Stop ipfw from aborting when asked to delete a table entry that

doesn't exist or add one that is already present, if the -q flag
is set. Useful for "ipfw -q /dev/stdin" when the command above is
invoked from  something like python or TCL to feed commands
down the throat of ipfw.
MFC in: 1 week

2 files changed, 13 insertions, 1 deletions

diff --git a/sbin/ipfw/ipfw.8 b/sbin/ipfw/ipfw.8
index 8ba94e0..911af5c 100644
--- a/sbin/ipfw/ipfw.8
+++ b/sbin/ipfw/ipfw.8
@@ -232,7 +232,8 @@ commands in a script
 .Ql sh\ /etc/rc.firewall ) ,
 or by processing a file of many
 .Nm
-rules across a remote login session.
+rules across a remote login session.
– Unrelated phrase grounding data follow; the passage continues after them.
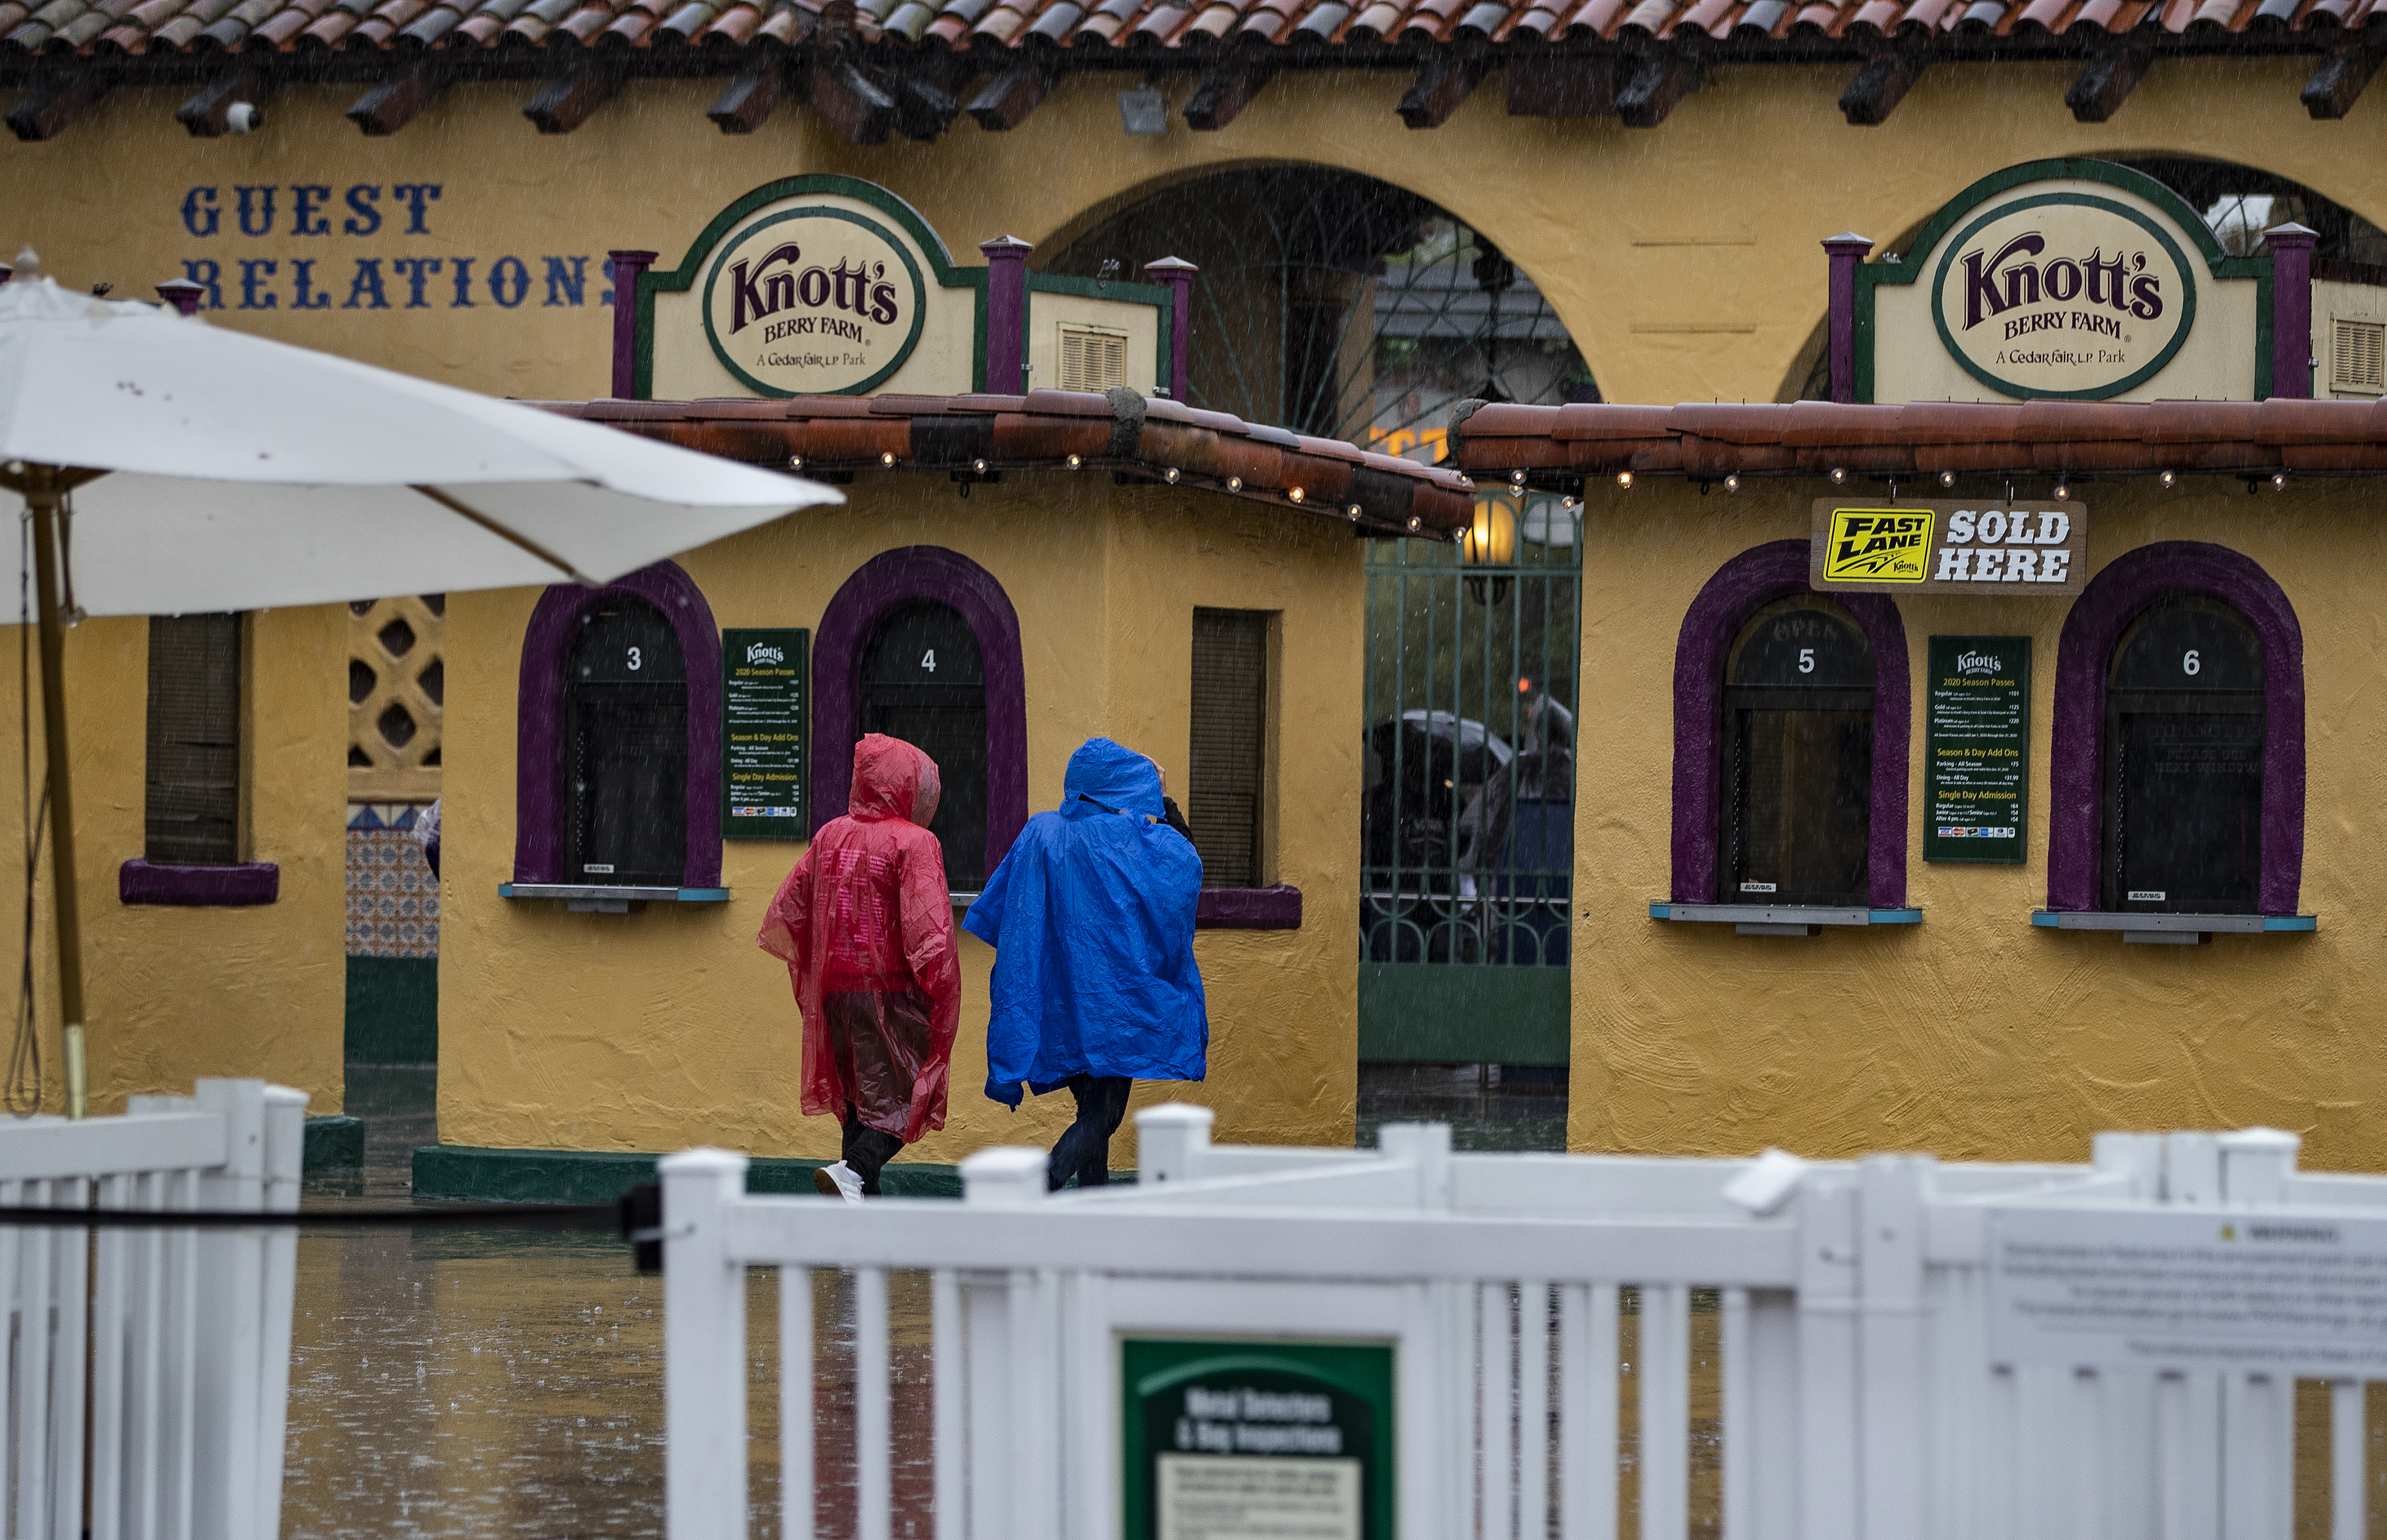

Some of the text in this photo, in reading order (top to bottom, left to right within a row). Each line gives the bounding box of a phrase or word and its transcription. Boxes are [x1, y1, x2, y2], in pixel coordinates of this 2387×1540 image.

[181, 184, 443, 237] GUEST
[182, 256, 614, 310] RELATION
[728, 242, 898, 335] Knott's
[1961, 231, 2163, 331] Knott's
[765, 316, 862, 345] BERRY FARM
[2004, 312, 2120, 340] BERRY FARM
[757, 354, 765, 366] A
[843, 353, 865, 366] Park
[1996, 349, 2005, 364] A
[2099, 349, 2125, 364] Park
[1843, 517, 1926, 537] FAST
[1946, 510, 2071, 545] SOLD
[1836, 533, 1921, 564] LANE
[1933, 548, 2071, 583] HERE
[627, 646, 641, 671] 3
[747, 642, 784, 663] Knott's
[921, 649, 936, 672] 4
[1798, 648, 1815, 673] 5
[1957, 650, 2001, 673] Knott's
[2183, 649, 2200, 675] 6
[760, 734, 772, 742] Day
[1938, 748, 2019, 758] Season & Day Add Ons
[733, 773, 751, 782] Single
[752, 773, 764, 782] Day
[1938, 790, 2017, 801] Single Day Admission
It also stops a table add or delete
+from failing if the entry already exists or is not present.
 If a
 .Cm flush
 is performed in normal (verbose) mode (with the default kernel
diff --git a/sbin/ipfw/ipfw2.c b/sbin/ipfw/ipfw2.c
index 13e1df3..f88ce70 100644
--- a/sbin/ipfw/ipfw2.c
+++ b/sbin/ipfw/ipfw2.c
@@ -4815,6 +4815,17 @@ table_handler(int ac, char *av[])
 			ent.value = 0;
 		if (do_cmd(do_add ? IP_FW_TABLE_ADD : IP_FW_TABLE_DEL,
 		    &ent, sizeof(ent)) < 0)
+			/* If running silent, don't bomb out on these errors. */
+			if (!(do_quiet && (errno == (do_add ? EEXIST : ESRCH))))
+				err(EX_OSERR, "setsockopt(IP_FW_TABLE_%s)",
+				    do_add ? "ADD" : "DEL");
+			/* In silent mode, react to a failed add by deleting */
+			if (do_add)
+				do_cmd(IP_FW_TABLE_DEL, &ent, sizeof(ent));
+				if (do_cmd(IP_FW_TABLE_ADD,
+				    &ent, sizeof(ent)) < 0)
+					err(EX_OSERR,
+				            "setsockopt(IP_FW_TABLE_ADD)");
 			err(EX_OSERR, "setsockopt(IP_FW_TABLE_%s)",
 			    do_add ? "ADD" : "DEL");
 	} else if (_substrcmp(*av, "flush") == 0) {